# [Task statement]
Take each line in the entries below that holds "新奥尔良" and show it.

==== Exercise material

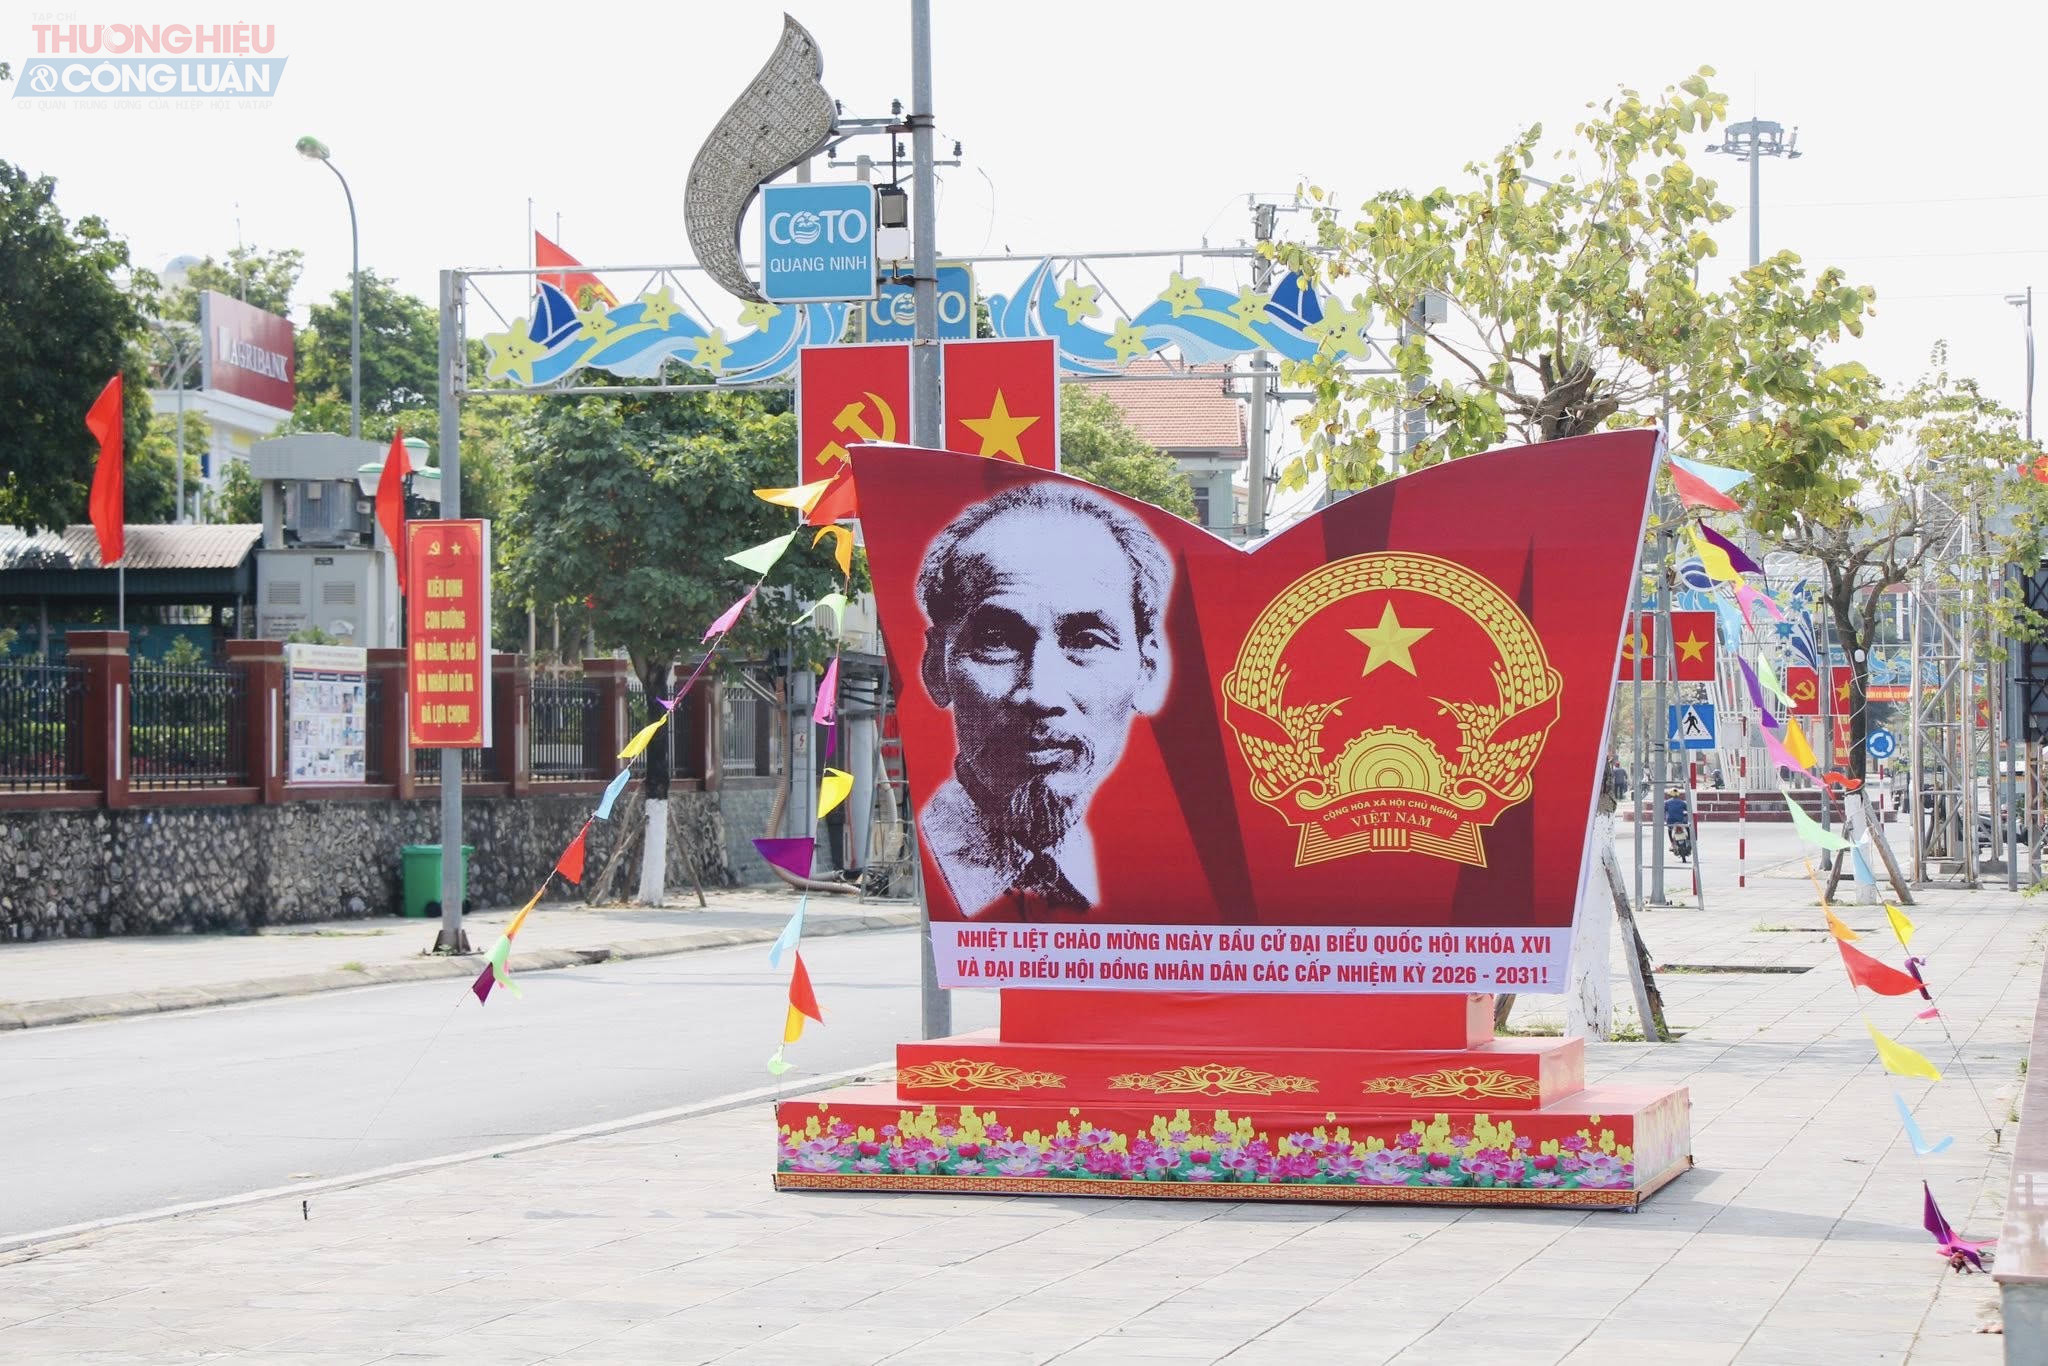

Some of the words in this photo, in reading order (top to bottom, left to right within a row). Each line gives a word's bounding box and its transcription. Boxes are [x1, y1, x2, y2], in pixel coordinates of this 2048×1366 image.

[770, 256, 824, 273] QUANG
[830, 255, 867, 271] NINH
[1323, 806, 1349, 821] CỘNG
[1350, 800, 1371, 811] HÒA
[1373, 798, 1387, 806] XÃ
[1389, 799, 1406, 807] HỘI
[1407, 799, 1428, 810] CHỦ
[1429, 805, 1458, 820] NGHĨA
[1351, 809, 1391, 827] VIỆT
[1395, 811, 1433, 828] NAM
[957, 927, 1008, 952] NHIỆT
[1013, 928, 1048, 952] LIỆT
[1053, 928, 1101, 950] CHÀO
[1106, 928, 1160, 951] MỪNG
[1165, 930, 1214, 951] NGÀY
[1219, 928, 1255, 952] BẦU
[1260, 928, 1287, 952] CỬ
[1290, 934, 1321, 956] ĐẠI
[1326, 927, 1368, 953] BIỂU
[1373, 929, 1423, 955] QUỐC
[1428, 931, 1459, 957] HỘI
[1465, 931, 1516, 954] KHÓA
[1521, 935, 1551, 954] XVI
[957, 956, 980, 977] VÀ
[984, 960, 1014, 981] ĐẠI
[1019, 954, 1059, 979] BIỂU
[1064, 958, 1094, 983] HỘI
[1100, 956, 1149, 980] ĐỒNG
[1154, 959, 1204, 981] NHÂN
[1210, 960, 1247, 982] DÂN
[1252, 960, 1289, 982] CÁC
[1295, 958, 1331, 982] CẤP
[1337, 961, 1397, 986] NHIỆM
[1402, 962, 1426, 983] KỲ
[1431, 966, 1477, 984] 2026
[1495, 966, 1547, 984] 2031!
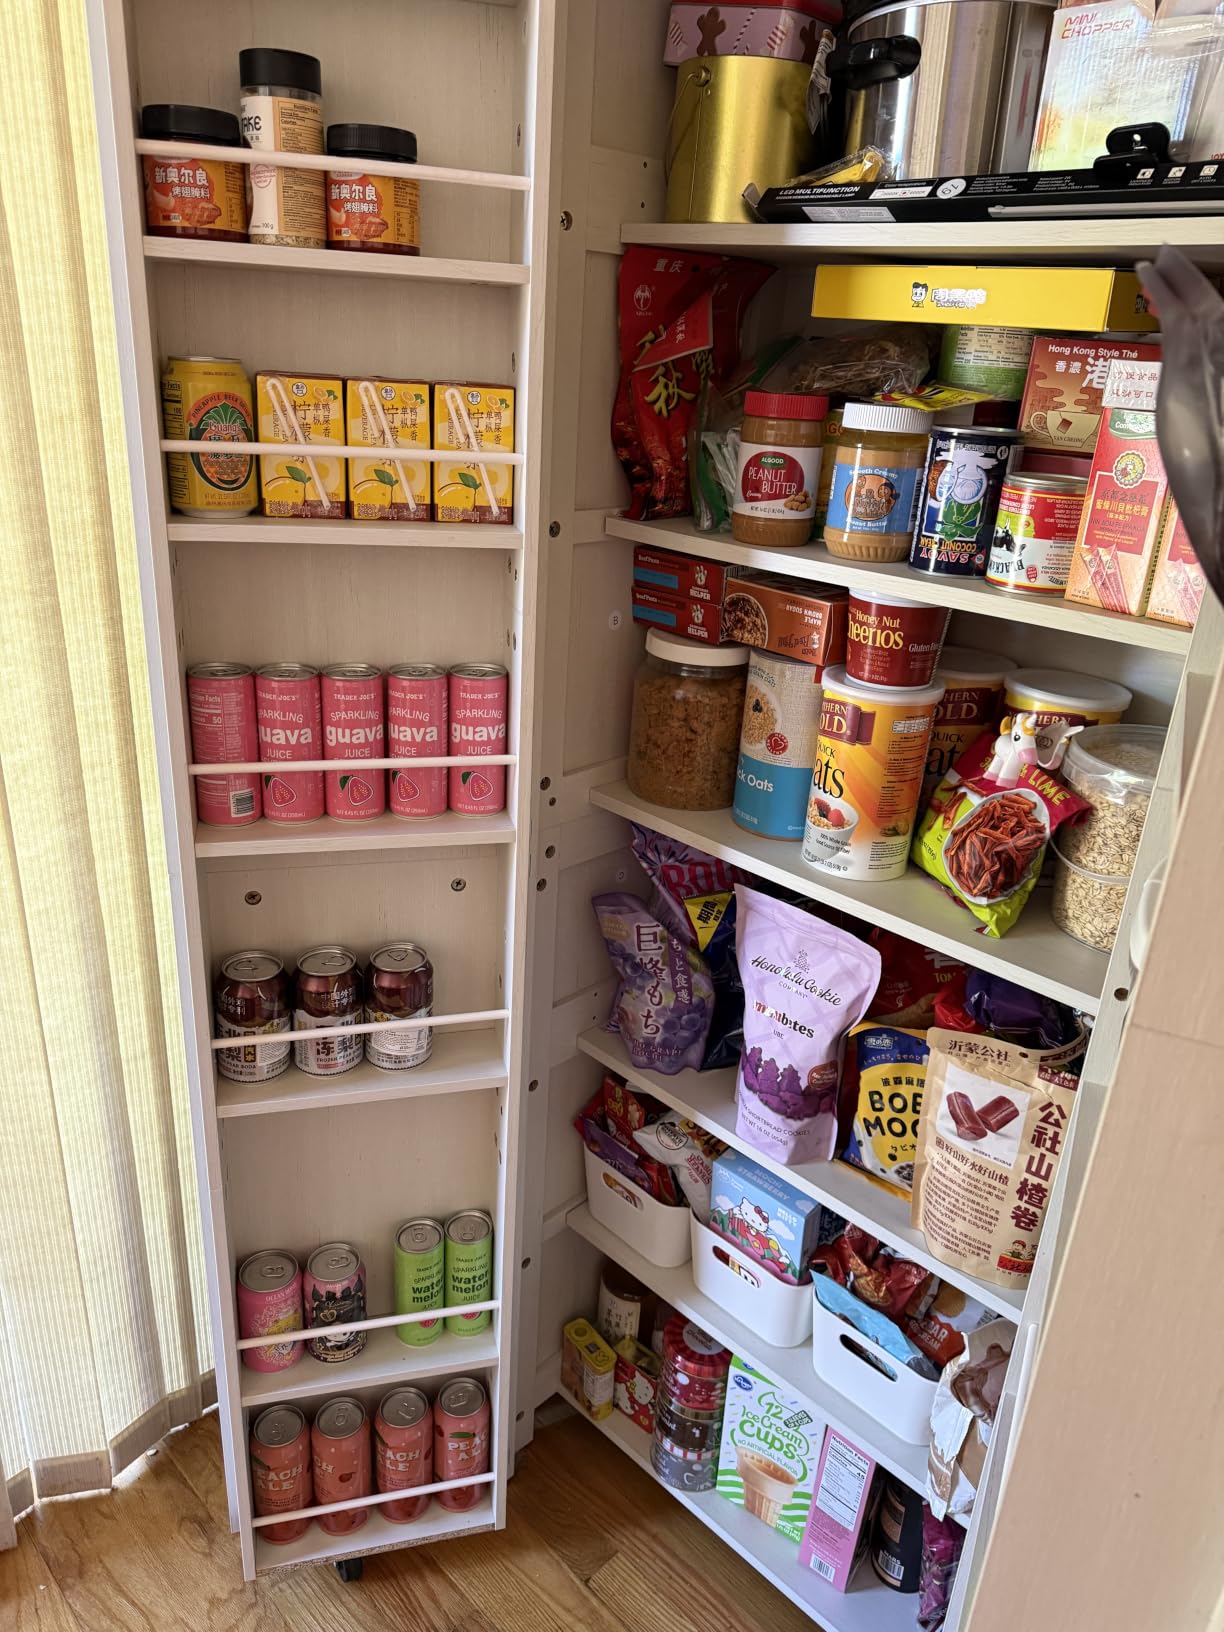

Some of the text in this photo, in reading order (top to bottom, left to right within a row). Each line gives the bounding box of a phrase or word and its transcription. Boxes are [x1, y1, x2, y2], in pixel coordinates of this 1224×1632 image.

[1064, 12, 1098, 27] MINI
[1061, 19, 1134, 40] CHOPPER
[154, 166, 210, 187] 新奥尔良
[331, 183, 378, 202] 新奥尔良
[795, 186, 861, 195] MULTIFUNCTION
[654, 258, 684, 273] 重庆
[1048, 344, 1138, 359] Hong Kong Style Thé
[1055, 359, 1081, 375] 香濃
[191, 394, 221, 418] PINEAPPLE
[761, 456, 784, 464] ALGOOD
[748, 466, 786, 482] PEANUT
[849, 467, 874, 475] Sooth
[762, 481, 797, 495] BUTTER
[941, 542, 976, 553] COCONUT
[689, 588, 711, 601] HELPER
[804, 616, 821, 626] MAPLE
[856, 611, 901, 628] Honey Nut
[687, 626, 709, 639] HELPER
[847, 619, 904, 650] heerios
[389, 690, 405, 699] RADER
[460, 692, 482, 700] TRADER
[943, 689, 980, 702] HERN
[212, 716, 222, 724] 50
[258, 709, 304, 723] PARKLING
[330, 710, 379, 722] SPARKLING
[389, 706, 430, 722] PARKLING
[456, 709, 503, 719] SPARKLING
[936, 702, 978, 720] OLD
[389, 722, 438, 742] uava
[451, 722, 506, 743] guava
[819, 714, 848, 735] OLD
[259, 726, 312, 745] uava
[326, 723, 384, 747] guava
[267, 748, 293, 759] JUICE
[344, 748, 371, 758] JUICE
[394, 746, 417, 756] JUICE
[466, 745, 492, 755] JUICE
[747, 774, 774, 793] Oats
[814, 757, 846, 800] ats
[1027, 768, 1072, 807] LIME
[635, 923, 667, 1036] 巨峰もち
[671, 937, 691, 1005] ちっと食感
[751, 955, 842, 1007] Honolulu Cookie
[773, 1029, 785, 1041] UBE
[948, 1039, 1012, 1063] 沂蒙公社
[868, 1090, 923, 1115] BOB
[747, 1108, 783, 1134] SHORTBREAD
[863, 1115, 920, 1138] MOC
[944, 1142, 1010, 1187] 好山好水好山楂
[1010, 1101, 1068, 1233] 公社山楂卷
[737, 1166, 791, 1202] STRAWBERRY
[754, 1169, 784, 1189] MOCHI
[451, 1270, 489, 1285] water
[412, 1286, 444, 1304] melo
[452, 1280, 489, 1294] melon
[765, 1402, 784, 1421] 12
[741, 1405, 804, 1451] Ice Cream
[738, 1420, 799, 1461] Cups
[746, 1441, 777, 1461] ARTIFICIAL
[828, 1450, 848, 1467] Calories
[831, 1435, 870, 1466] Nutrition Facts
[256, 1463, 304, 1482] EACH
[856, 1472, 866, 1480] 45

========

# [Answer below]
[154, 166, 210, 187] 新奥尔良
[331, 183, 378, 202] 新奥尔良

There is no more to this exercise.